Mima Nedelcovych, Initiative for Global Development
Re the Kosovo Threshold Compact, not enough, if any, attention is being paid to the utility, which after all is the offtaker and needs to develop proper credit history.Megan Guy, The Nature Conservancy
- Based on the options presented do you think the current proposed approach will achieve objectives without a financing component? What aspects of the model do you have questions about? Anything particular that you like or dislike?
- I like the proposed model. Building capacity and incentivizing / improving the commercial banking sector certainly seems like a far more attractive approach to drive long term growth and economic development than MCC or an IFI stepping in to serve as lender. I think it will be important to build in a critical path to assessing capacity building for both developers and lenders, and to ensuring that the guarantee facility ultimately winds down and/or does not require any incremental capitalization (this gets to the moral hazard question below).
I would like to better understand the economics and operational characteristics of the various renewables sectors that MCC is trying to stimulate through this approach – how significant is the overall opportunity, and what is the quality of the solar, wind, hydro resource in Kosovo? How do they compare with other generation alternatives? How significant a piece of the project economics are subsidies or other policy interventions? This seems like a critical piece of information to assess the likelihood that the Accelerator and KCGF are ultimately able to serve as a bridge to a robust commercial sector, rather than a perpetually required market intervention.
- If MCC addresses the project preparation and development issues, will local or regional bank realistically then take on project financing risk or will they continue to sit on the sideline?
- Not knowing the country context personally, I would think that if there is an economic return to be made through project lending, those banks will come to the table – provided they have the skills to properly assess the opportunities, and that they are not captive to bad actors or other political influences. I think the memo indicated that they are not used to underwriting this sector, so capacity building, data sets on default rates and off-taker credit risk, etc. may also be required alongside the project-level support. But I would imagine that that should be relatively straightforward to derive once some early projects come to fruition, and one would think that other Balkan countries may offer reasonable comparables for some aspects of these new markets.
- Is there a moral hazard created by a guarantee model to incentivize banks to enter the project financing market?

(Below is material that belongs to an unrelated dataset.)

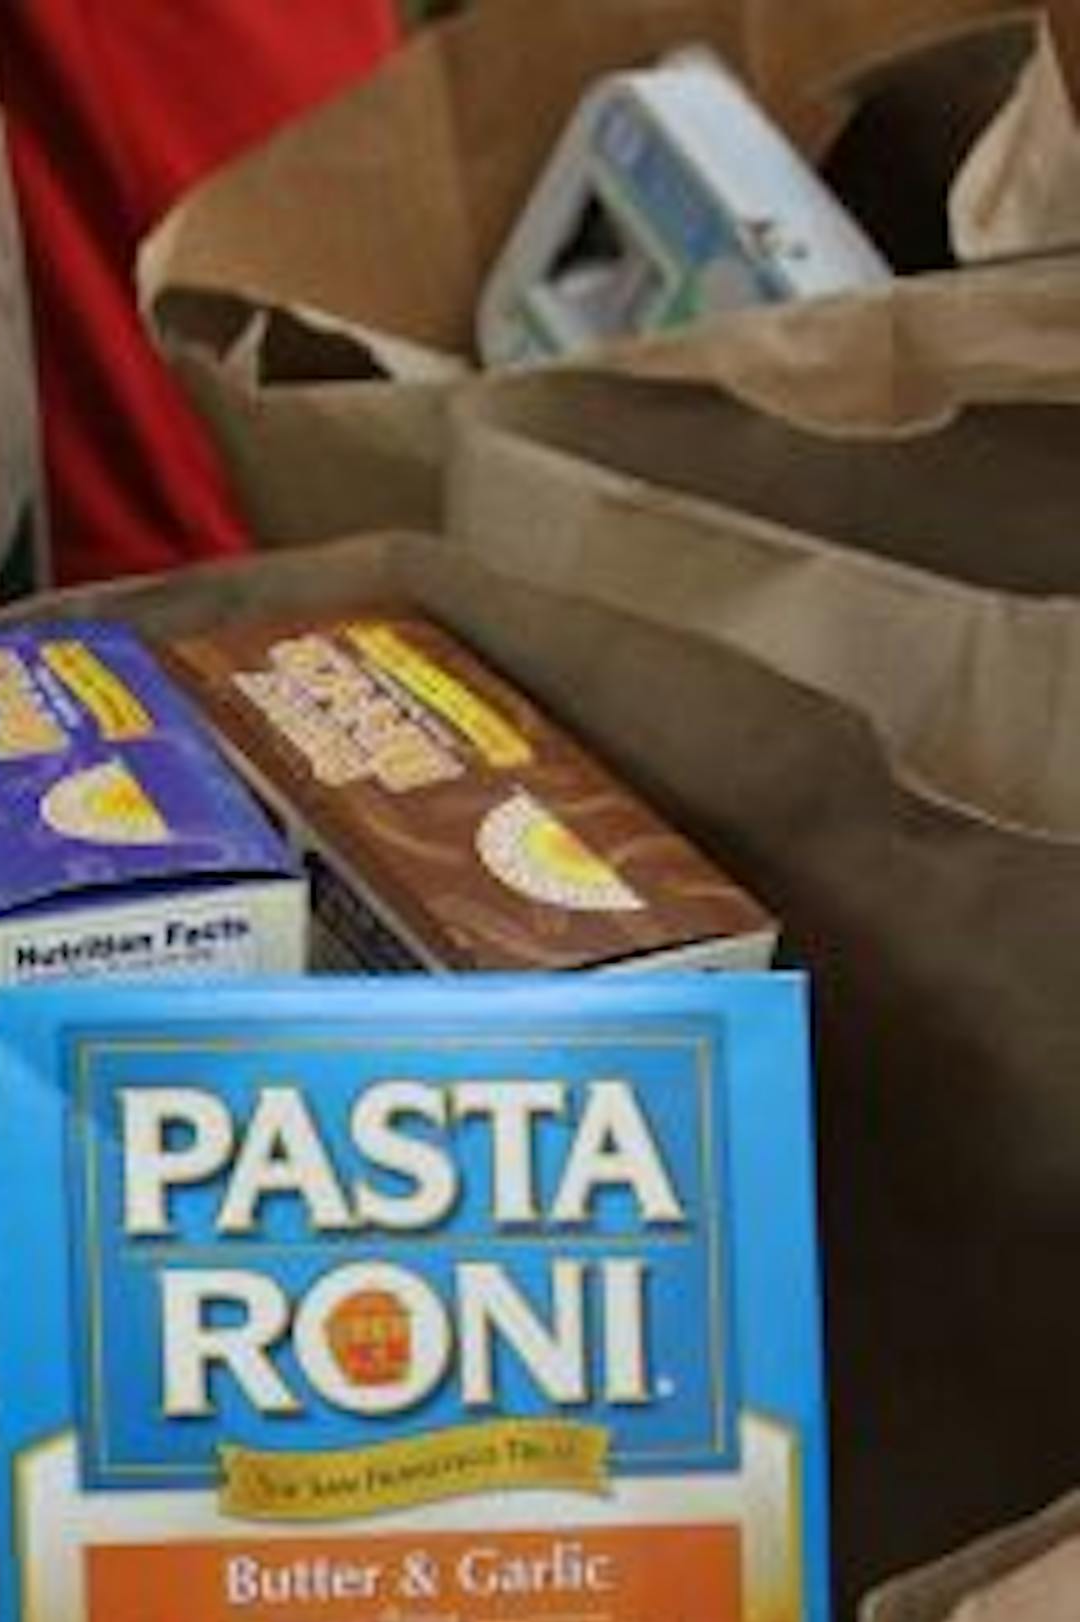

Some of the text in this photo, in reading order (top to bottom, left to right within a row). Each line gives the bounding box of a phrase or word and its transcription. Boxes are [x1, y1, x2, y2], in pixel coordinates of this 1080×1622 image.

[15, 933, 153, 966] Nutrition
[165, 917, 250, 947] Facts
[119, 1080, 683, 1234] PASTA
[225, 1541, 615, 1606] Butter & Garlic

- Yes, absolutely. Thoughtful structuring can limit this, though not entirely remove it – requiring banks to keep some proverbial skin in the game by only guaranteeing a portion of project loans is one mechanism (such that guarantee works as “first loss” capital but does not cover the entirety of the loan. It is challenging to truly identify and enroll higher risk, less capable entities – one criticism of some relevant U.S. programs to grow the renewables sector was that they largely supported big companies, not startups. I would think this will be an issue with banks as well, so consider criteria to ensure that MCC is truly growing and building capacity in the local sector, and not subsidizing larger, established international entities that have underwriting capabilities already and are only seeking cheap capital (they may leave once the cheap capital goes away, or may not support local jobs and opportunity).
- Is the idea of a demonstration effect real in your mind?
- Yes – though I would not oversell it. The challenge is rarely as simple as just getting the first project up and funded and running successfully, but the demonstration can certainly encourage others to consider entering the market (particularly if MCC and other partners are able to de-risk some critical elements).
- For a small country such as Kosovo (with a high-risk reputation) how can we attract quality international project developers – should we pool IPP generators into a portfolio – to pursue investments along MCC and other DFIs?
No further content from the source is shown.